• Data under study:
----
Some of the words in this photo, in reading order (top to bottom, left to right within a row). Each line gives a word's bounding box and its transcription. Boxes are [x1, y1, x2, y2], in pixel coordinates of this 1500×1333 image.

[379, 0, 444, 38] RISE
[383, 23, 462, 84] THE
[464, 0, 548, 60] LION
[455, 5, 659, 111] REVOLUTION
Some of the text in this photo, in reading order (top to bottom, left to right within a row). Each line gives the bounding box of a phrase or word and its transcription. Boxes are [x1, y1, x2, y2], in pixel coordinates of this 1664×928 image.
----
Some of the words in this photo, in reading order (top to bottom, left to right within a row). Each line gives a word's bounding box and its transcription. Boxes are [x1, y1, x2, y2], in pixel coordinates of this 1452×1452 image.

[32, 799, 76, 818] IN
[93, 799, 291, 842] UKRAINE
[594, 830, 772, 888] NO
----
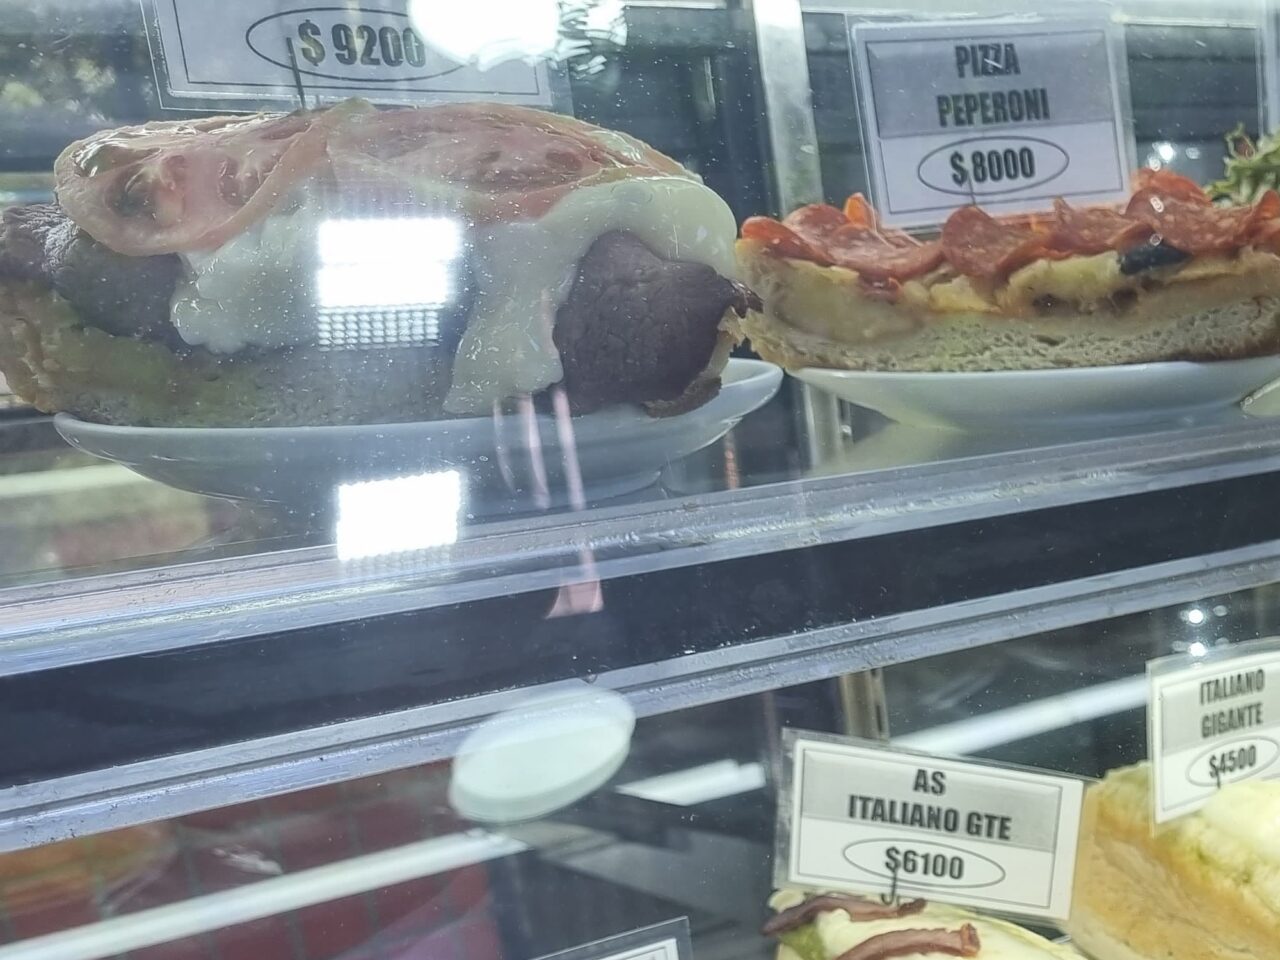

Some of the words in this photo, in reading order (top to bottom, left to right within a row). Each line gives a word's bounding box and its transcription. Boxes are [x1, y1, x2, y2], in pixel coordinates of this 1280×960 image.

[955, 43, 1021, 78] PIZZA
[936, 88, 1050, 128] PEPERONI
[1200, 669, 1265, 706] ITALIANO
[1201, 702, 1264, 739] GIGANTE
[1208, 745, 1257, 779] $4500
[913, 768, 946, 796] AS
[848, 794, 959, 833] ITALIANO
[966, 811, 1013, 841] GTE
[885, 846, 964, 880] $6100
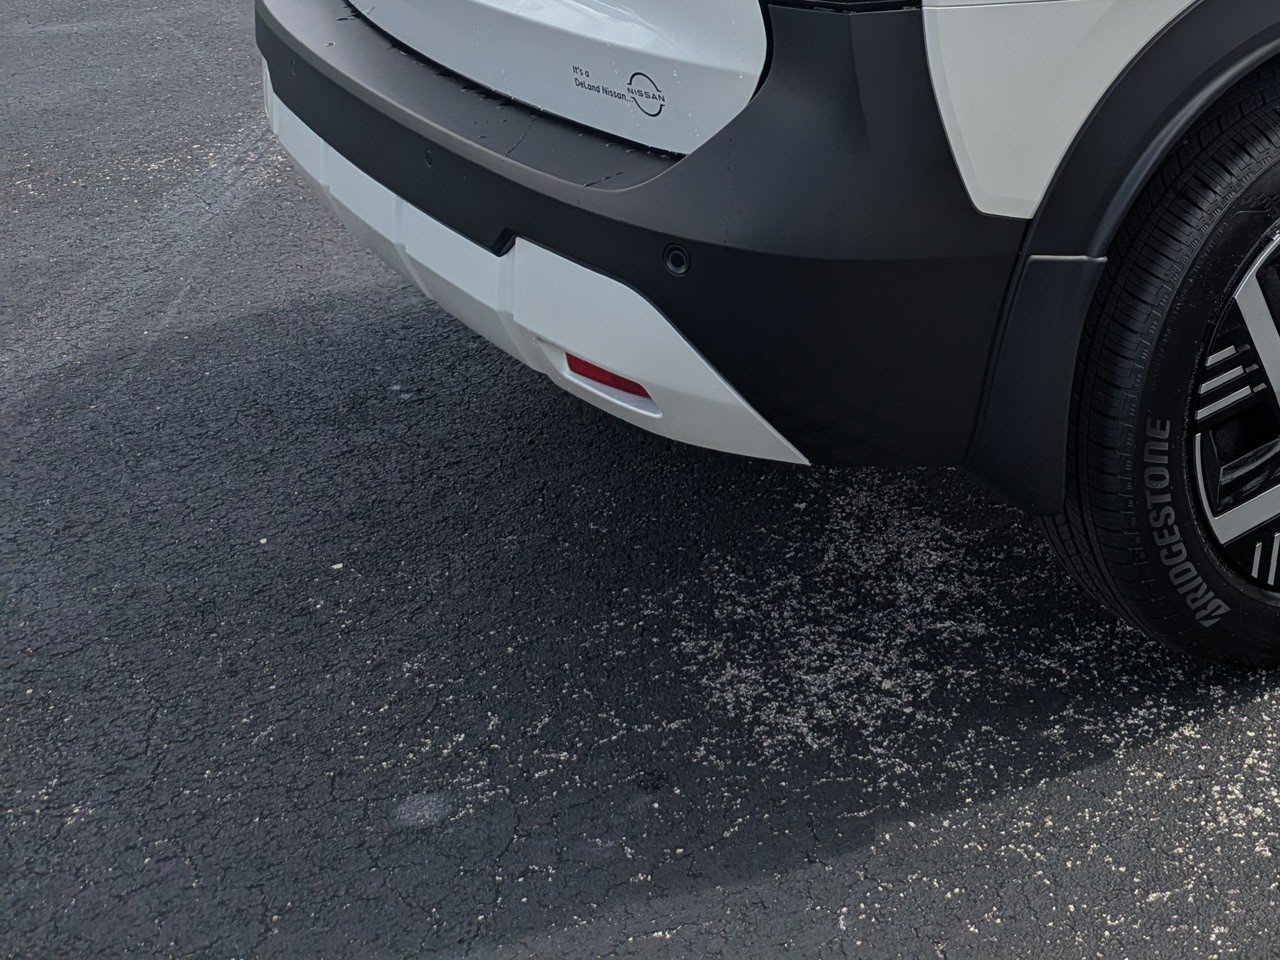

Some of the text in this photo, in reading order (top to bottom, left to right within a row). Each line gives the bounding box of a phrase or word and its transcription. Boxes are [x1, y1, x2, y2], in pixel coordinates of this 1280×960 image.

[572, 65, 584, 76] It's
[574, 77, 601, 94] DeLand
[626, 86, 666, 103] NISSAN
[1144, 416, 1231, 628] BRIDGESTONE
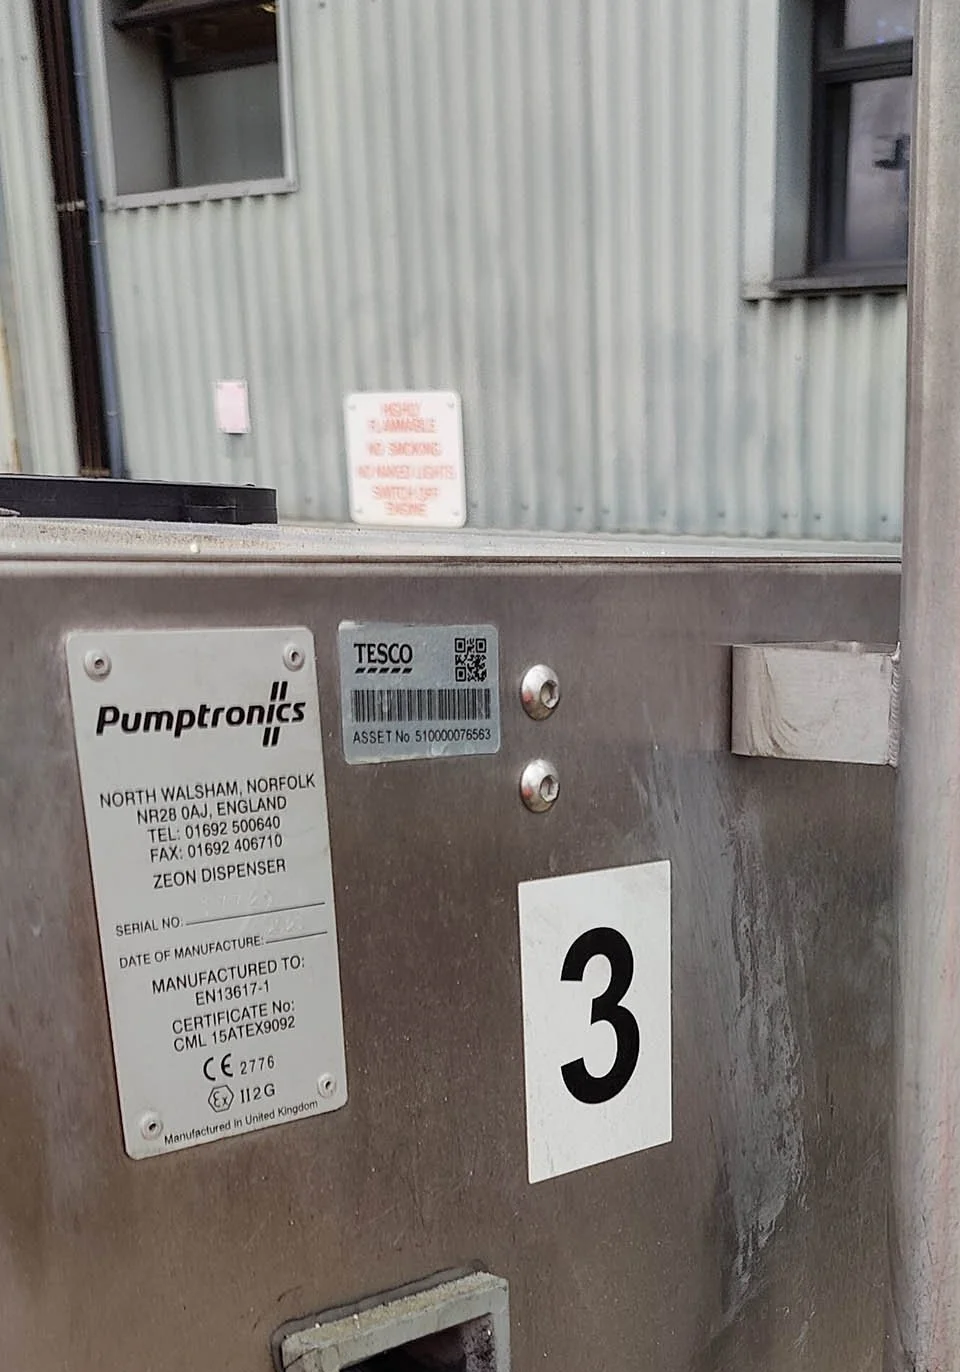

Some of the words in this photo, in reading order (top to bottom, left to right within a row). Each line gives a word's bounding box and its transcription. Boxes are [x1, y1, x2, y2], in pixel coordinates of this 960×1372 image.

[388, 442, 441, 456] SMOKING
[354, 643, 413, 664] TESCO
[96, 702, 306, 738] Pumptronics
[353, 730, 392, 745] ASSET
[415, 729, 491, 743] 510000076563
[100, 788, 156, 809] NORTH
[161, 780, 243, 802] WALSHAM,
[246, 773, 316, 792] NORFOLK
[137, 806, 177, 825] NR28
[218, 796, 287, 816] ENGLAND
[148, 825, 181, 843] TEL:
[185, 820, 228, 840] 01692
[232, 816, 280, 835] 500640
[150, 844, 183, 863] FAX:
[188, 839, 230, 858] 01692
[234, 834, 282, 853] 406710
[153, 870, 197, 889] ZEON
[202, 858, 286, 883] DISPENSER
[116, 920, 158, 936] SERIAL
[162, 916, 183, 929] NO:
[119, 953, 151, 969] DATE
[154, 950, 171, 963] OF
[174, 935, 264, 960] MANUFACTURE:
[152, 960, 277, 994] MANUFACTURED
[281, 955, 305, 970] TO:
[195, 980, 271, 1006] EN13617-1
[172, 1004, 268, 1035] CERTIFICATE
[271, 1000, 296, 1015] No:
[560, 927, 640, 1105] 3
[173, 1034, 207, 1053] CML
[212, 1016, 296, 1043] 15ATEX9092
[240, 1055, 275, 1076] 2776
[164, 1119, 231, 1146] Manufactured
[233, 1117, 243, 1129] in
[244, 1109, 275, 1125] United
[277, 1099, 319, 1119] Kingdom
----
• Exercise objective:
Above are the entries. Copy exactly the part that opens with the line containing "this 1500×1333 image." and closes with the line containing "this 1664×928 image.", and no more.

• Answer for the task:
Some of the words in this photo, in reading order (top to bottom, left to right within a row). Each line gives a word's bounding box and its transcription. Boxes are [x1, y1, x2, y2], in pixel coordinates of this 1500×1333 image.

[379, 0, 444, 38] RISE
[383, 23, 462, 84] THE
[464, 0, 548, 60] LION
[455, 5, 659, 111] REVOLUTION
Some of the text in this photo, in reading order (top to bottom, left to right within a row). Each line gives the bounding box of a phrase or word and its transcription. Boxes are [x1, y1, x2, y2], in pixel coordinates of this 1664×928 image.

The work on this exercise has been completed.